Task requirements.
Copy out all the entries word for word.

Given information.
::::

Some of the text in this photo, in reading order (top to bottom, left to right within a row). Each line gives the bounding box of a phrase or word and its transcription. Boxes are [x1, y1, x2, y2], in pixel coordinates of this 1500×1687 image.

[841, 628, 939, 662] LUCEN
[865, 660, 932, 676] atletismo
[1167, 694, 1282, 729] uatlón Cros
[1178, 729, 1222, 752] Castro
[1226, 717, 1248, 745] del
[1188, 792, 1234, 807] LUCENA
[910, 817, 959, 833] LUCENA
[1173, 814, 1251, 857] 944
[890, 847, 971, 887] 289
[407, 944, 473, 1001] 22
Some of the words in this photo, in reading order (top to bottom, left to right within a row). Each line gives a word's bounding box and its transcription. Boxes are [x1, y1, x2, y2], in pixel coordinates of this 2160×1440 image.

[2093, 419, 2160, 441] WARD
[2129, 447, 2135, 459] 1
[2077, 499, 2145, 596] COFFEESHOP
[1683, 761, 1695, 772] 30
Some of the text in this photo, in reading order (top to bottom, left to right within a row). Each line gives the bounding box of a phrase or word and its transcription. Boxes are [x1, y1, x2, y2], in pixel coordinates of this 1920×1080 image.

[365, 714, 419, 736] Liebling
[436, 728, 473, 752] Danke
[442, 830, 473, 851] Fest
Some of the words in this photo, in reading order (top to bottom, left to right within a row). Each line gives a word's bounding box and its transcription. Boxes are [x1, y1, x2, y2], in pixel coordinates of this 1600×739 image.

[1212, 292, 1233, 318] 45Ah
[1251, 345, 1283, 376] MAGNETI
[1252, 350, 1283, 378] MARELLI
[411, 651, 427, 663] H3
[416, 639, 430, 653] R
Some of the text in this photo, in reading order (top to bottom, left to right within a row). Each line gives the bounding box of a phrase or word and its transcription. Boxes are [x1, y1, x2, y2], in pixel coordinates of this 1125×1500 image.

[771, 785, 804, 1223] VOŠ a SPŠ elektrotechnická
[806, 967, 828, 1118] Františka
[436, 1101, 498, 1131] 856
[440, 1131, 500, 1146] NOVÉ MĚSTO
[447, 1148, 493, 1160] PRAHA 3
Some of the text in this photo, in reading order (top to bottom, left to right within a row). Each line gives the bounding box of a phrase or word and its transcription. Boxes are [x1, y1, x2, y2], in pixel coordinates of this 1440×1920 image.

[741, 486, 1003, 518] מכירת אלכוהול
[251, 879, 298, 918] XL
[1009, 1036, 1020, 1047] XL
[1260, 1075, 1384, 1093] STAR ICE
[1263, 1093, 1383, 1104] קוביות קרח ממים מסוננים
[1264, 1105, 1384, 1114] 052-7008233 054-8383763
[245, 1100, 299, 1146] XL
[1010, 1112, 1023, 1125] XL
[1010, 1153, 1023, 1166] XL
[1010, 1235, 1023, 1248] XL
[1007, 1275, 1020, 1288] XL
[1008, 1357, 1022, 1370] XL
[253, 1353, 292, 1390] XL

::::

Exercise response.
Some of the text in this photo, in reading order (top to bottom, left to right within a row). Each line gives the bounding box of a phrase or word and its transcription. Boxes are [x1, y1, x2, y2], in pixel coordinates of this 1500×1687 image.

[841, 628, 939, 662] LUCEN
[865, 660, 932, 676] atletismo
[1167, 694, 1282, 729] uatlón Cros
[1178, 729, 1222, 752] Castro
[1226, 717, 1248, 745] del
[1188, 792, 1234, 807] LUCENA
[910, 817, 959, 833] LUCENA
[1173, 814, 1251, 857] 944
[890, 847, 971, 887] 289
[407, 944, 473, 1001] 22
Some of the words in this photo, in reading order (top to bottom, left to right within a row). Each line gives a word's bounding box and its transcription. Boxes are [x1, y1, x2, y2], in pixel coordinates of this 2160×1440 image.

[2093, 419, 2160, 441] WARD
[2129, 447, 2135, 459] 1
[2077, 499, 2145, 596] COFFEESHOP
[1683, 761, 1695, 772] 30
Some of the text in this photo, in reading order (top to bottom, left to right within a row). Each line gives the bounding box of a phrase or word and its transcription. Boxes are [x1, y1, x2, y2], in pixel coordinates of this 1920×1080 image.

[365, 714, 419, 736] Liebling
[436, 728, 473, 752] Danke
[442, 830, 473, 851] Fest
Some of the words in this photo, in reading order (top to bottom, left to right within a row). Each line gives a word's bounding box and its transcription. Boxes are [x1, y1, x2, y2], in pixel coordinates of this 1600×739 image.

[1212, 292, 1233, 318] 45Ah
[1251, 345, 1283, 376] MAGNETI
[1252, 350, 1283, 378] MARELLI
[411, 651, 427, 663] H3
[416, 639, 430, 653] R
Some of the text in this photo, in reading order (top to bottom, left to right within a row). Each line gives the bounding box of a phrase or word and its transcription. Boxes are [x1, y1, x2, y2], in pixel coordinates of this 1125×1500 image.

[771, 785, 804, 1223] VOŠ a SPŠ elektrotechnická
[806, 967, 828, 1118] Františka
[436, 1101, 498, 1131] 856
[440, 1131, 500, 1146] NOVÉ MĚSTO
[447, 1148, 493, 1160] PRAHA 3
Some of the text in this photo, in reading order (top to bottom, left to right within a row). Each line gives the bounding box of a phrase or word and its transcription. Boxes are [x1, y1, x2, y2], in pixel coordinates of this 1440×1920 image.

[741, 486, 1003, 518] מכירת אלכוהול
[251, 879, 298, 918] XL
[1009, 1036, 1020, 1047] XL
[1260, 1075, 1384, 1093] STAR ICE
[1263, 1093, 1383, 1104] קוביות קרח ממים מסוננים
[1264, 1105, 1384, 1114] 052-7008233 054-8383763
[245, 1100, 299, 1146] XL
[1010, 1112, 1023, 1125] XL
[1010, 1153, 1023, 1166] XL
[1010, 1235, 1023, 1248] XL
[1007, 1275, 1020, 1288] XL
[1008, 1357, 1022, 1370] XL
[253, 1353, 292, 1390] XL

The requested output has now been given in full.